Common faults & what they mean
- System low on charge again and again: a leak you should find and fix, not keep feeding — R-22 is too expensive (and venting illegal) to treat as a top-off habit. Leak-search and repair.
- Pressures/performance off after a "retrofit": the system is on a different refrigerant now; you must use that refrigerant's P-T data and may be dealing with mineral-oil/POE oil-return issues from the retrofit.
- Poor oil return after retrofitting to a POE-preferring blend: the old mineral oil doesn't carry the new refrigerant well; the retrofit procedure may have called for an oil change that wasn't done.
- Wrong refrigerant selected on gauges: every saturation value is off. Confirm what's in the system, especially on possibly-retrofitted equipment.
Tech tips & gotchas
- "Phased out" ≠ "illegal to service." Customers often think R-22 is banned. Explain it accurately: no new R-22 is made, so it's scarce and pricey, but their existing system can still be serviced with reclaimed R-22. That framing builds trust and sets up an honest repair-vs-replace talk.

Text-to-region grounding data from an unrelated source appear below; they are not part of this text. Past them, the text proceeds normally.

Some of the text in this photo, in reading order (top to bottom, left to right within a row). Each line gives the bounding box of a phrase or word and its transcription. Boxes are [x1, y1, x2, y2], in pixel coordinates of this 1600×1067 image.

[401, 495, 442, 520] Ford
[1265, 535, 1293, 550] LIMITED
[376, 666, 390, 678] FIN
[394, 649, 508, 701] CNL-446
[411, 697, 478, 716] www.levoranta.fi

- Cost of R-22 is the real driver. A few pounds of R-22 can cost more than the rest of the repair. That's why a major failure on aging R-22 equipment usually tips to replacement. Run the numbers with the customer, don't just default to "recharge it."

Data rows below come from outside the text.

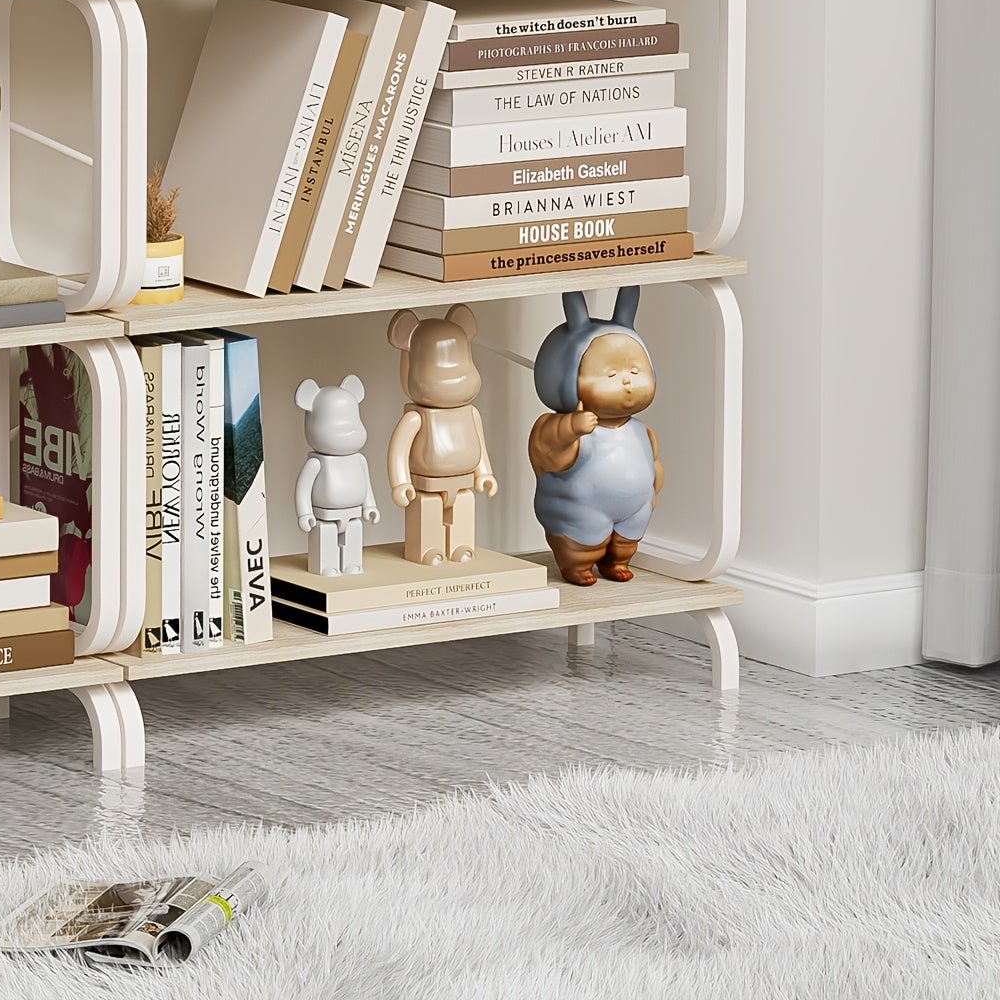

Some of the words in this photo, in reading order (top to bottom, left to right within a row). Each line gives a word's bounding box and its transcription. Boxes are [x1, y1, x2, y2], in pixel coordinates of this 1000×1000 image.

[496, 24, 519, 36] the
[519, 20, 556, 34] witch
[557, 16, 606, 31] doesn't
[607, 14, 638, 26] burn
[478, 44, 552, 60] PHOTOGRAPHS
[554, 43, 566, 54] BY
[568, 39, 617, 52] FRANÇOIS
[618, 36, 658, 48] HALARD
[494, 96, 521, 111] THE
[526, 93, 555, 109] LAW
[559, 91, 576, 106] OF
[582, 85, 641, 103] NATIONS
[344, 144, 379, 234] MERINGUES
[374, 51, 408, 140] MACARONS
[380, 172, 399, 197] THE
[390, 134, 411, 171] THIN
[401, 76, 428, 133] JUSTICE
[500, 134, 554, 154] Houses
[566, 126, 619, 148] Atelier
[622, 122, 652, 142] AM
[300, 117, 334, 202] INSTANBUL
[513, 164, 574, 186] Elizabeth
[577, 159, 628, 179] Gaskell
[519, 223, 569, 244] HOUSE
[574, 218, 616, 240] BOOK
[406, 586, 442, 598] PERFECT
[445, 580, 492, 594] IMPERFECT
[402, 612, 427, 622] EMMA
[430, 602, 497, 618] BAXTER-WRIGHT

- "Drop-in" is marketing. Most R-22 alternatives are near-drop-ins that need their own procedure — oil considerations, charge adjustment, and a performance hit are common. If you retrofit, follow the manufacturer's documented steps and reset the customer's expectations.
- A retrofitted system is no longer an R-22 system. Tag it for the new refrigerant and use that refrigerant's P-T data. The next tech needs to know what's actually in there.
- Never vent R-22 to save time. EPA 608 applies fully; venting is illegal and, given the cost, you're literally throwing money away. Recover it.
- Watch for already-mixed systems. Someone may have topped an R-22 system with a different refrigerant. Mixed refrigerant can't be reclaimed and the P-T behavior is unpredictable — recover and start clean if you find it.
Safety / code notes
- ASHRAE 34 classifies R-22 as A1. EPA 608 governs recovery, technician certification, and the prohibition on venting — applies fully even though production has ended.
- Reclaimed R-22 used for service must meet the purity spec (reclaim standard) — don't put unknown/mixed refrigerant into a system.
- Any retrofit must follow the alternative refrigerant manufacturer's documented procedure, including oil and charge requirements; substituting refrigerants outside the equipment listing is improper.